One of the attributes of an application is the ability to pass a command-line argument to it. For example, imagine you had a program to which you wanted to pass a word. The following shows what you would type when you run the application:
java ABClass test
Where does the argument go? It goes to the array of strings you
declared in the main() method,
in this case, argv[].
| Tip |
You can name the array of strings anything you want. Typically, the most common names used are argv[] (which comes from C), arg[], or even args[]. |
Basically, the input parameter will put each of the arguments passed to it in a separate index in the array. Hence, you can have more than one argument passed in a single session:
java ABClass test 2
In the preceding example, there are two arguments. The first argument,
test, in this case will go
into argv[0], and the second
2 will be placed in argv[1].
| Note |
Unlike C/C++, the name of the application is not stored as the first item in the argv[] array. |
The last thing to note about passing arguments is what to do if you want to pass two or more items as one argument. This can be accomplished by putting the entire argument into quotation marks. In the following snippet of code, you have only two arguments, Ford Mustang and Honda Civic:
java ABClass "Ford Mustang" "Honda Civic"

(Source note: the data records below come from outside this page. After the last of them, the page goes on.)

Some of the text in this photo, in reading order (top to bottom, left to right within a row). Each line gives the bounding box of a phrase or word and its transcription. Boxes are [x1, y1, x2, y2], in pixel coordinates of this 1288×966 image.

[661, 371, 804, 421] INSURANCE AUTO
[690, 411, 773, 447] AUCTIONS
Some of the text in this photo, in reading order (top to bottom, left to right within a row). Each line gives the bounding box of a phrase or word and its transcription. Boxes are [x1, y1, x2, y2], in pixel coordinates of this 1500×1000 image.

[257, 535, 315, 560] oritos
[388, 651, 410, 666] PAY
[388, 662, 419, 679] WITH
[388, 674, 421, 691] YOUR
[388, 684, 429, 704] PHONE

Now move forward and create a runnable example of how to pass parameters to a Java application.
Listing 8.4. The code for SayHello.java.
1:public class SayHello {
2:
3: public static void main(String argv[]) {
4:
5: //Draw the top border
6: for (int i = 0; i < 40; i++)
7: System.out.print("--");
8:
9: //Check to see if no argument was passed
10: if (argv.length == 0) {
11: System.out.println("Please enter your name!");
12: System.out.exit(0);
13: }
14:
15: // Loop through and say hello to everyone
16: for (int i = 0; i < argv.length; i++)
17: System.out.println("Hello " + argv[i]);
18:
19: //Draw the bottom border
20: for (int i = 0; i < 40; i++)
21: System.out.print("--");
22:
23: //Closing Remark
24: System.out.println("End of printing");
25: }
26:}
When you look at Listing 8.4, nothing should be new to you except for the argv.length used in line 10 and line 16, and System.out.exit(). The argv.length variable contains the value for the number of elements utilized in the specified array, which in this case is argv[]. The System.out.exit() is used to end execution of the application. Other than that, lines 10 to 13 check to see if the length of the array is 0; if true, then there were no arguments passed to it. The for loop located in lines 16 through 17 loops through the length of the array and then prints it out.

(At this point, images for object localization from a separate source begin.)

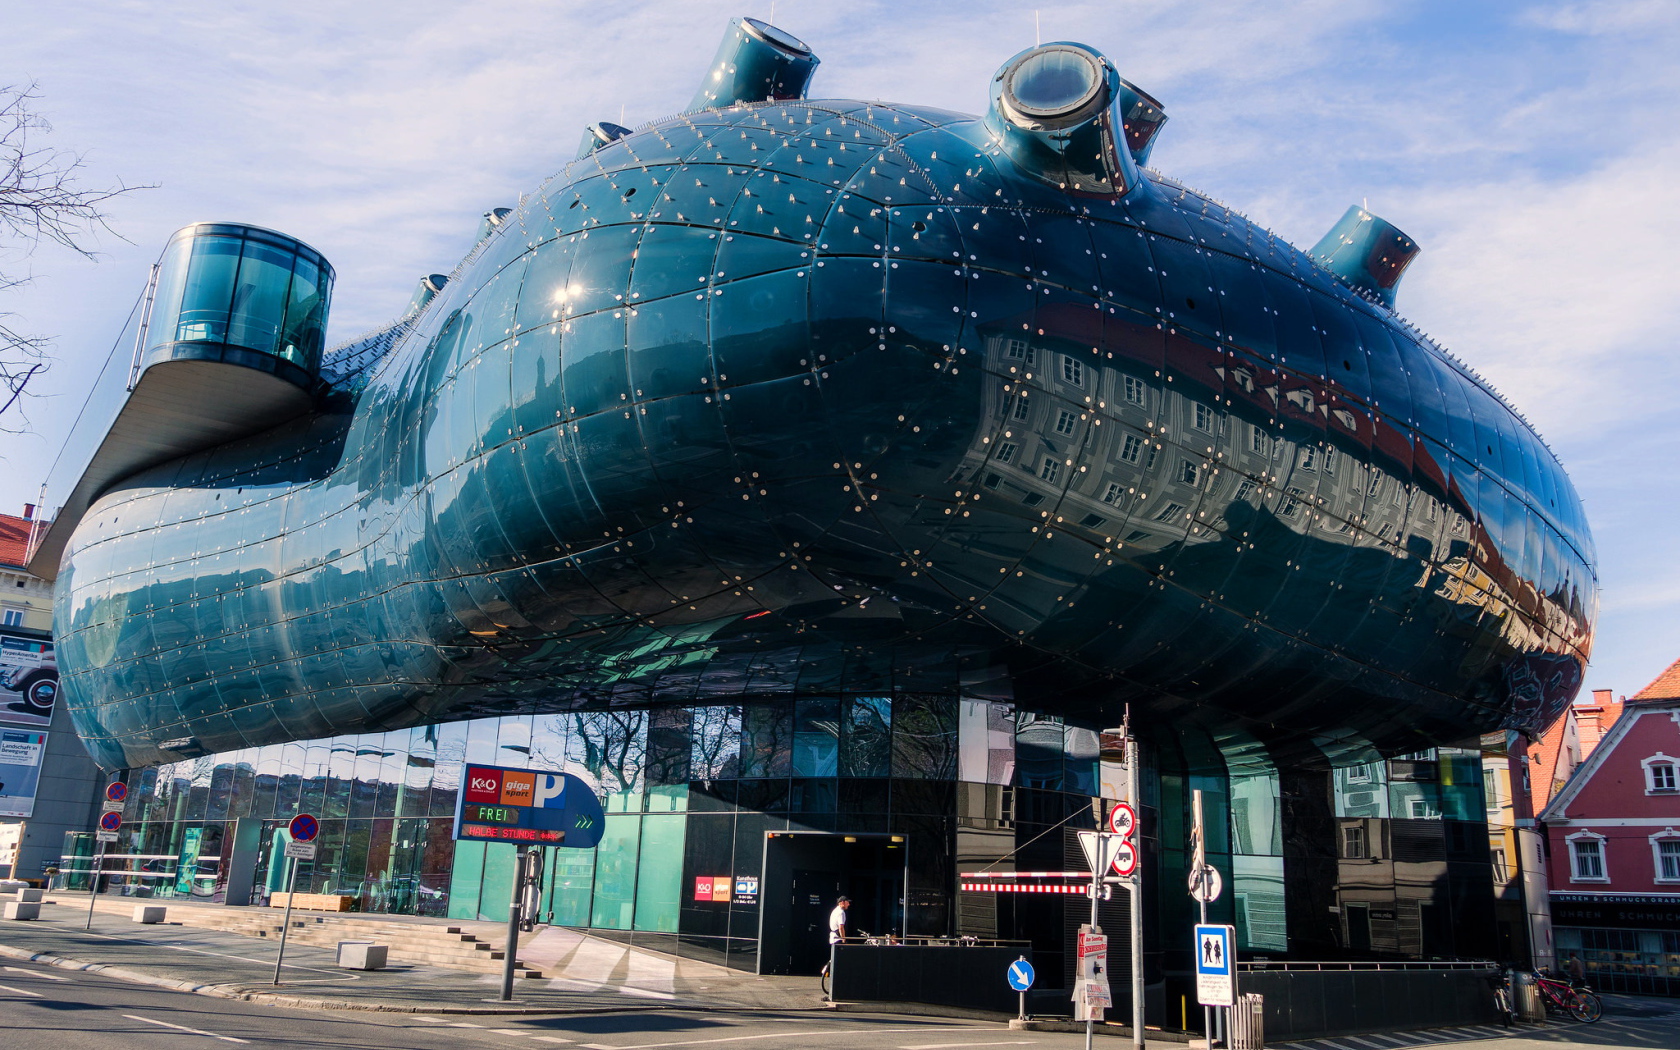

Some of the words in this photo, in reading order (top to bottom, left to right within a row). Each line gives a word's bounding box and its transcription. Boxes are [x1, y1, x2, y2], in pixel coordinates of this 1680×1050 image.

[2, 743, 31, 751] Landschaft
[505, 780, 531, 791] giga
[534, 774, 565, 808] P
[505, 790, 530, 798] sport
[479, 807, 508, 821] FREI
[469, 826, 498, 837] HALBE
[502, 828, 536, 840] STUNDE
[1560, 910, 1601, 918] UHREN
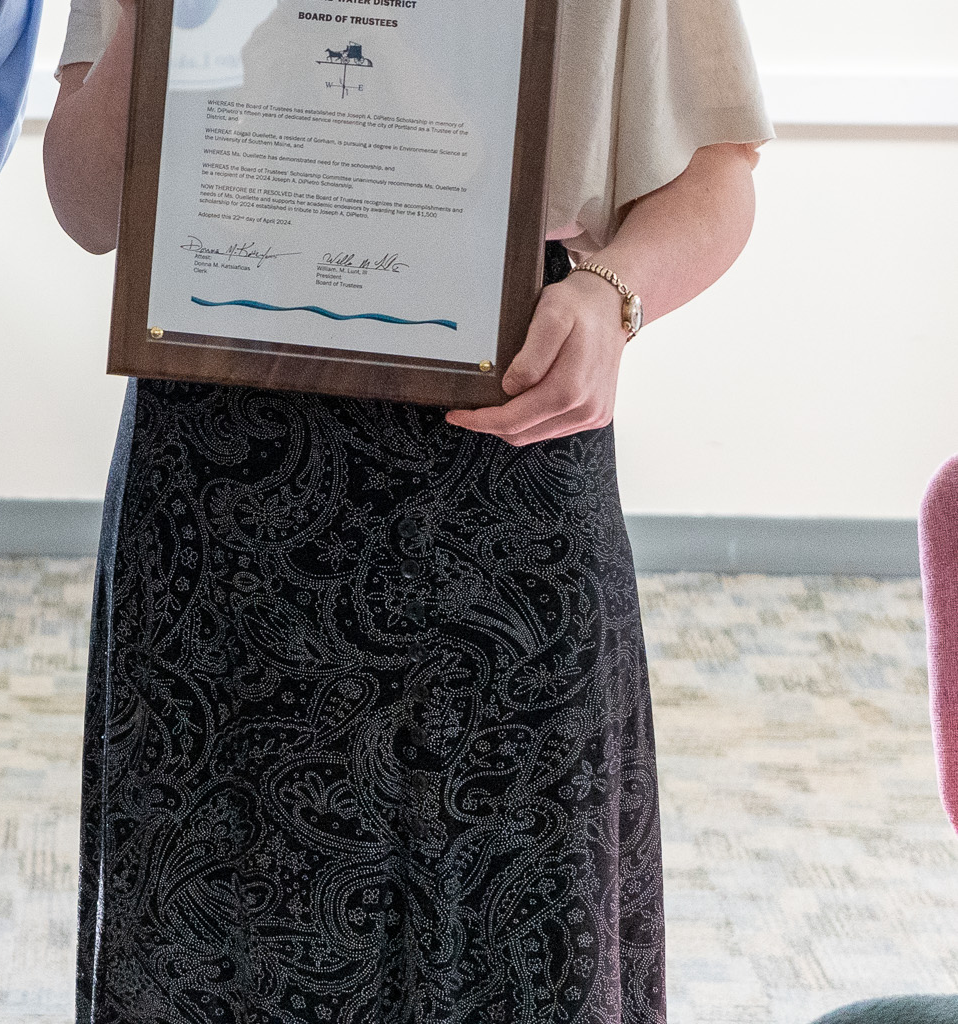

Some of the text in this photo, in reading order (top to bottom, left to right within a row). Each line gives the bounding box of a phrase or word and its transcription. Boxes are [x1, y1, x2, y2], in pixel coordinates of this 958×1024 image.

Now go ahead and compile it by typing the following at the command prompt:
javac SayHello.java
Next, go ahead and run it by typing the following:
java SayHello Dan Bill "John Smith"
Figure 8.7 shows the command prompt displaying the output for the preceding command. As you can see in the figure, it says hello to each of the three arguments passed to it.

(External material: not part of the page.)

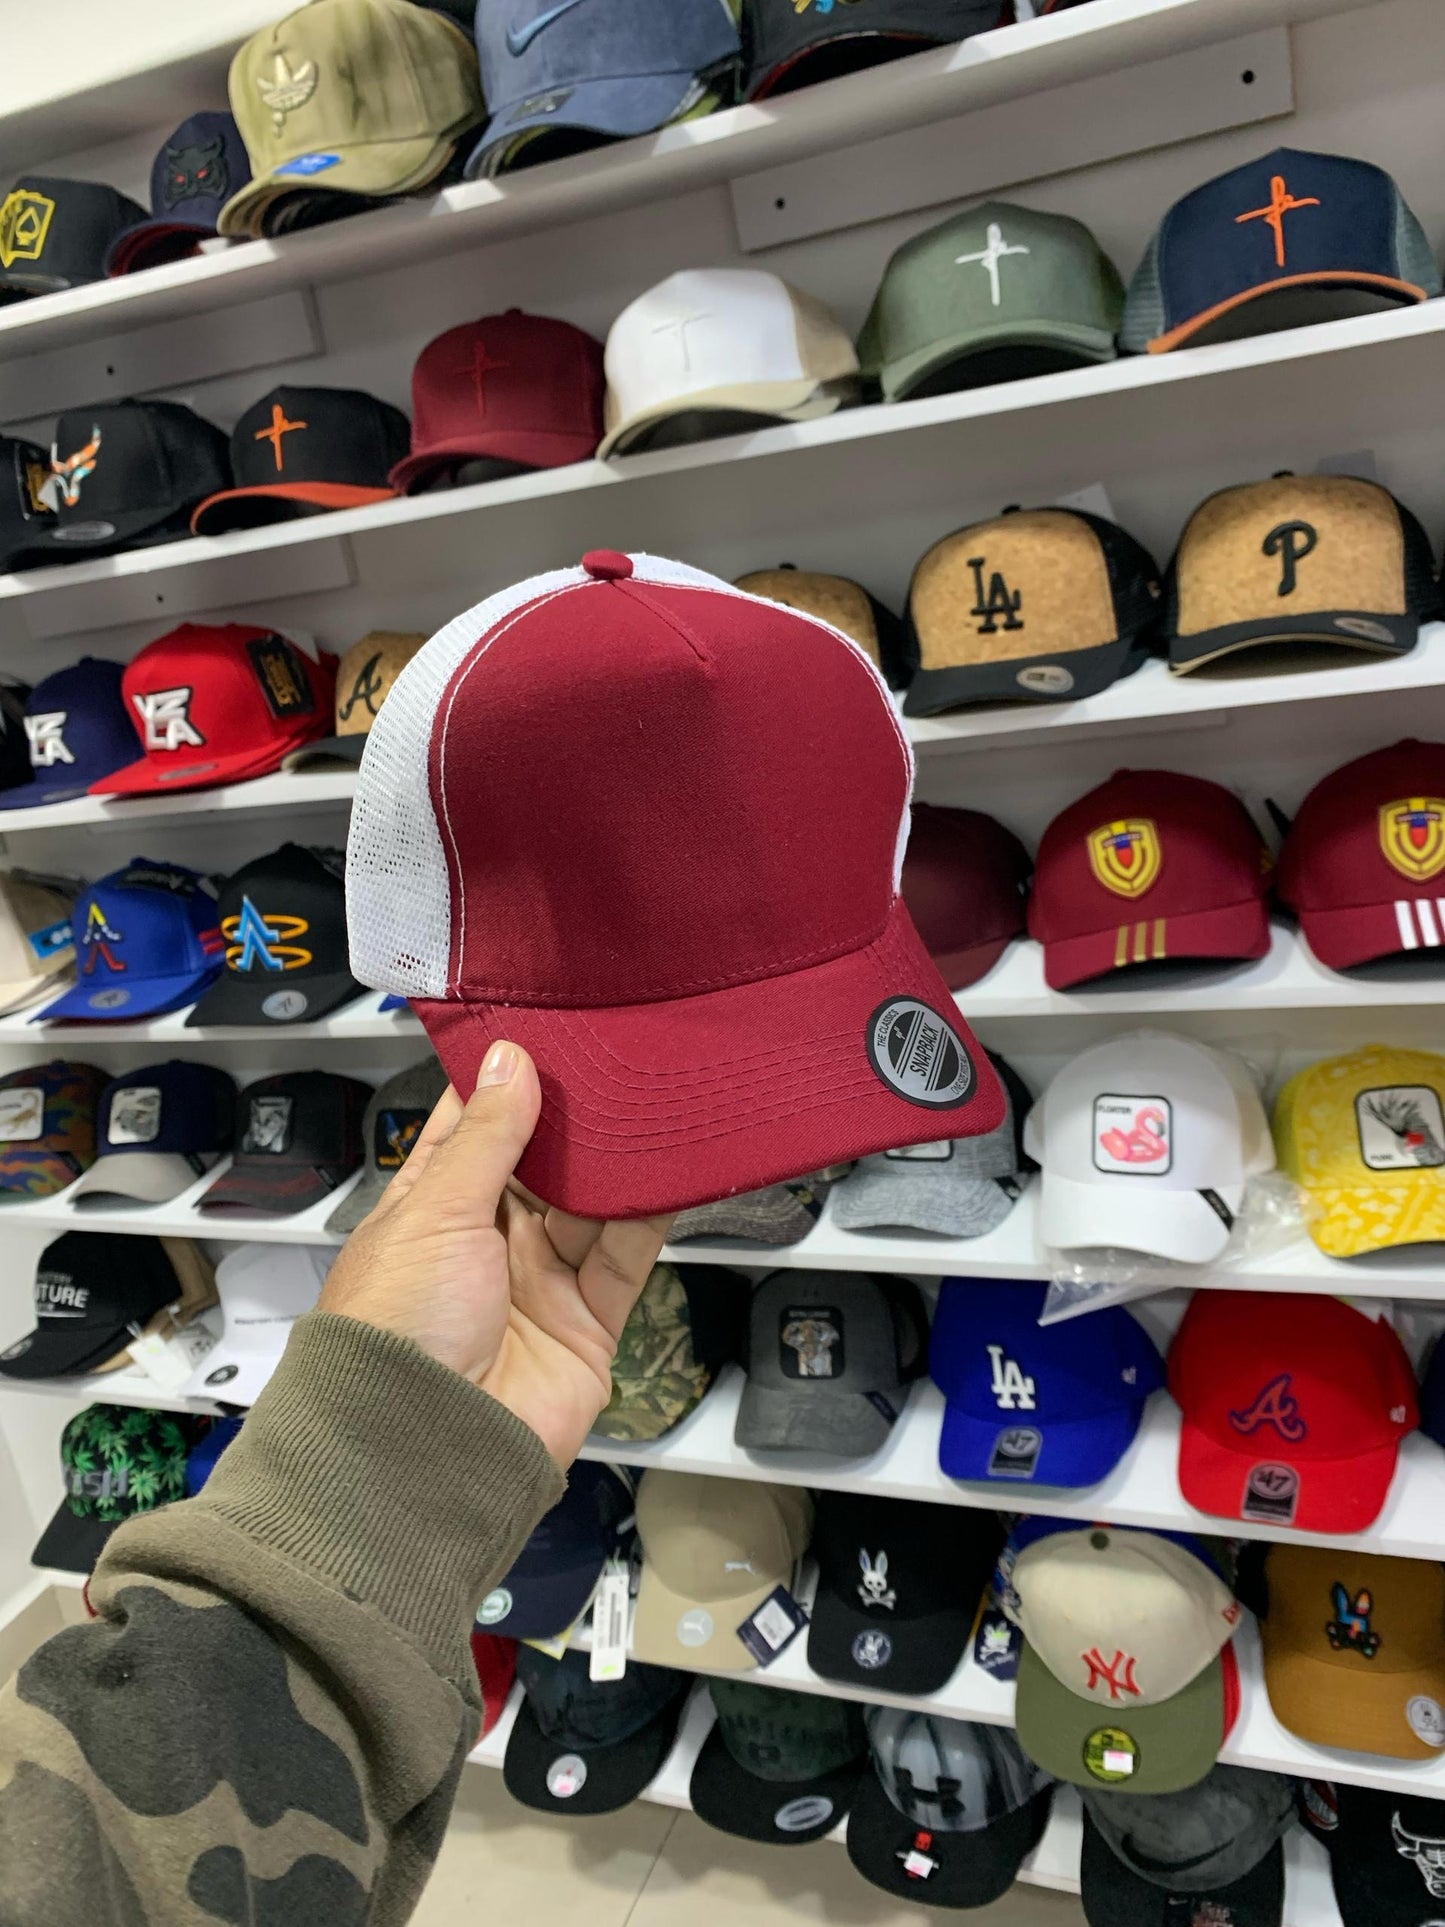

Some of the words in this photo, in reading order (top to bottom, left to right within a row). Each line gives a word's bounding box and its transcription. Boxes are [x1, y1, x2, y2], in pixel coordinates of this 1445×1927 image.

Figure 8.7 : Running the SayHello application.
Now, experiment by not passing any parameters to the application by typing the following:
java SayHello
Figure 8.8 shows what you should see as the output of the application.
Figure 8.8 : Running the SayHello application without arguments.
In this chapter, you learned about the similarities and differences between applets and applications and where applications reside in the overall Java paradigm. Applications provide the advantages of being able to link native code, as well as more flexibility with security than their applet counterparts. Also, the anatomy of Java applets is vastly different, with applications being designed around the more traditional (that is, C/C++) format of utilizing the main() method. The other half of the chapter gave several examples of passing arguments to Java applications.
Probably the last topic to note before leaving this chapter is the fact that all of the examples in this chapter were based strictly on console-based applications. In Chapter 17, "Programming the User Interface," when you are introduced to the AWT (Abstract Window Toolkit), you will be able to create applications that contain windows, dialogs, text fields, and all of the other components that make up a modern GUI-based program.